Rorty entende que as teorias da verdade devam ser desinflacionadas, isto é, a verdade não deve ser tomada como possuindo uma propriedade real, como possuindo uma substância cognitiva, como sendo revestida de uma essência ou um fundamento metafísico. A verdade, no âmbito de uma abordagem deflacionista, adquire apenas a característica de permitir um mínimo de acordo entre dois falantes.

A verdade seria, neste contexto, tão somente um elemento sobre o qual dois falantes poderiam observar uma dada situação e comunicaram-se entre si tomando bases comuns como ponto de integração, permitindo e facilitando assim o processo de comunicação entre eles.

É assim que Rorty entende o tratamento da questão da verdade dado pelos pragmatistas clássicos e é assim que ele pretende continuar vendo a questão.

Entretanto, deve-se observar que Rorty é um filósofo não-fundacionista, ou seja, não pretende edificar sistemas filosóficos ou teorias globalizantes e universalistas.

O trabalho de Rorty, como ele mesmo afirma é mais terapêutico do que edificador. Assim, não é que esteja tentando construir uma teoria da verdade ou defender uma teoria deflacionista da verdade. Rorty está apenas tentando desinflacionar, desinflar, “dessubstanciar” o conceito de verdade, desviando o foco de discussão para outro ponto.

Rorty, portanto, pelo mesmo motivo de que ele discorda de Susan Haack quanto à existência de uma teoria pragmática da verdade, não deve estar enquadrado dentro de uma teoria deflacionista da verdade, porque para ele não deve, ou não é necessário, elaborar-se uma teoria da verdade.

Para Rorty, três são os usos possíveis do termo verdadeiro:

a) um uso de endosso;

b) um uso acautelado;

c) um uso descitascional ou não-citacional (disquotatational).

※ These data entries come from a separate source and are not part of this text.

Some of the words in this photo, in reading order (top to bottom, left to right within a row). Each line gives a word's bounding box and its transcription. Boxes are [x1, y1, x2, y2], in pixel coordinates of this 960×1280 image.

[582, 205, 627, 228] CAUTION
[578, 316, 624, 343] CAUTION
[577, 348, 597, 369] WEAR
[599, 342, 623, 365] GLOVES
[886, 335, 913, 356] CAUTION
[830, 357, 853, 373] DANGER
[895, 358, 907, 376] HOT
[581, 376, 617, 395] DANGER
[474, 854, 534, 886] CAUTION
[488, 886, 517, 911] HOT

O uso do termo verdadeiro como endosso dá-se quando são feitas afirmações do tipo “correto”, “certo”, “é isto mesmo”, e, portanto, “é verdade”. Já o uso descitacional, ou não-citacional, é utilizado para afirmações metalingüísticas do tipo “S é verdadeiro se…”.

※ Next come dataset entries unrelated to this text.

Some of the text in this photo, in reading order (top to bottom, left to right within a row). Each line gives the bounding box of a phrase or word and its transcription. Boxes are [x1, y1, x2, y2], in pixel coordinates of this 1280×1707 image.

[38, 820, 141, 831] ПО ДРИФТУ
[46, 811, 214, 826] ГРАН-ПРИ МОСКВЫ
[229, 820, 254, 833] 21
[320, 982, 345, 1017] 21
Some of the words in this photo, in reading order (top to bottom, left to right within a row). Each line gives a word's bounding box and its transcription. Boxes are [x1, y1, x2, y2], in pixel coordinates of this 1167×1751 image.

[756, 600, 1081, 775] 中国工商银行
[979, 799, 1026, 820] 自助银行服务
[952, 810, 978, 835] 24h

Por sua vez o uso acautelado está incorporado em afirmações como “sua crença em S está perfeitamente justificada, mas talvez não venha a ser verdadeira”. Diz Rorty (1999[a], p. 128; 2002, p. 175):

“O uso acautelado deste termo foi negligenciado por James, tanto quanto o foi o uso não-citacional. A negligência frente ao primeiro uso o levou à associação do pragmatismo com o relativismo. A malfadada associação do último (por Tarski) com a noção de ‘correspondência’ levou as pessoas a pensar que elas precisavam compreender melhor essa noção do que o tinha feito James.

Davidson, segundo meu ponto de vista, nos deu uma avaliação da verdade que tem um lugar para cada um desses usos, conquanto absteve-se da idéia de que a conveniência de uma crença pode ser explicada por sua verdade”.

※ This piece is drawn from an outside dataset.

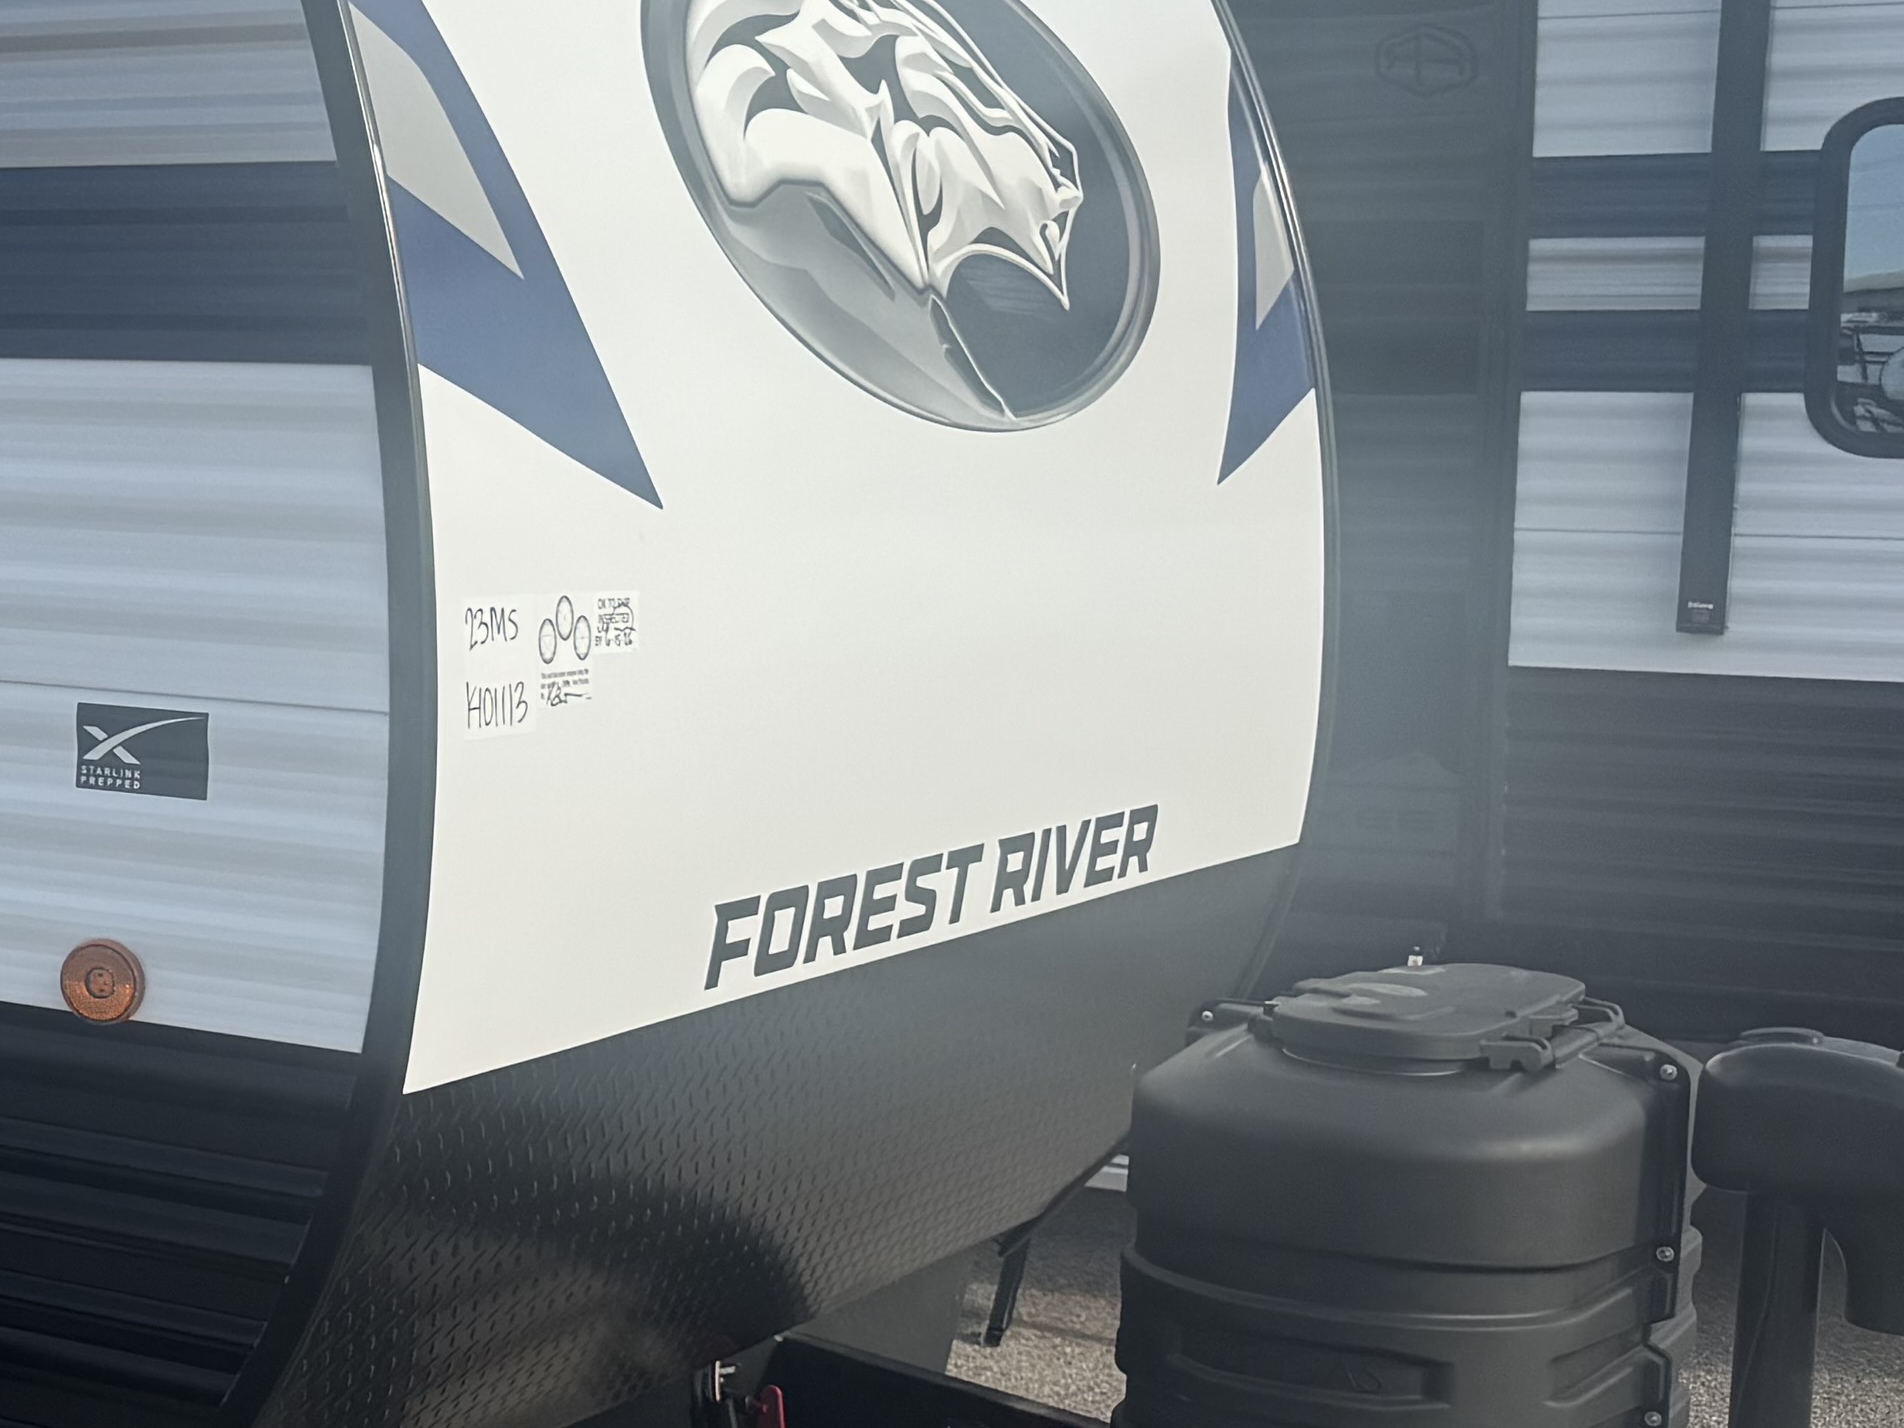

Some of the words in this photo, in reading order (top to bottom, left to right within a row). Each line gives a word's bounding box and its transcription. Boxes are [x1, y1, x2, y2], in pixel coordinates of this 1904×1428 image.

[81, 764, 141, 779] STARLINK
[80, 775, 141, 790] PREPPED
[703, 842, 986, 992] FOREST
[989, 803, 1160, 914] RIVER

O tema verdade é um dos pontos onde a filosofia de Richard Rorty pode ser entendida como revolucionária. Exatamente em decorrência disto, é também um dos aspectos mais polêmicos de sua obra.

A polêmica está em torno de uma inevitável conclusão a que se chega a partir dos escritos de Rorty, principalmente os mais recentes, isto é, a idéia de que a noção de verdade pode ser equiparada à noção de justificação.

Levando-se a filosofia de Richard Rorty ao extremo, pode-se argumentar que verdadeiro é equivalente a justificado.

Antes, no entanto, de prosseguir na discussão dos elementos da filosofia rortyana que permitem chegar a esta conclusão, deve-se dizer porque seu articulador ganha com esta construção, ao mesmo tempo, notoriedade e aversão.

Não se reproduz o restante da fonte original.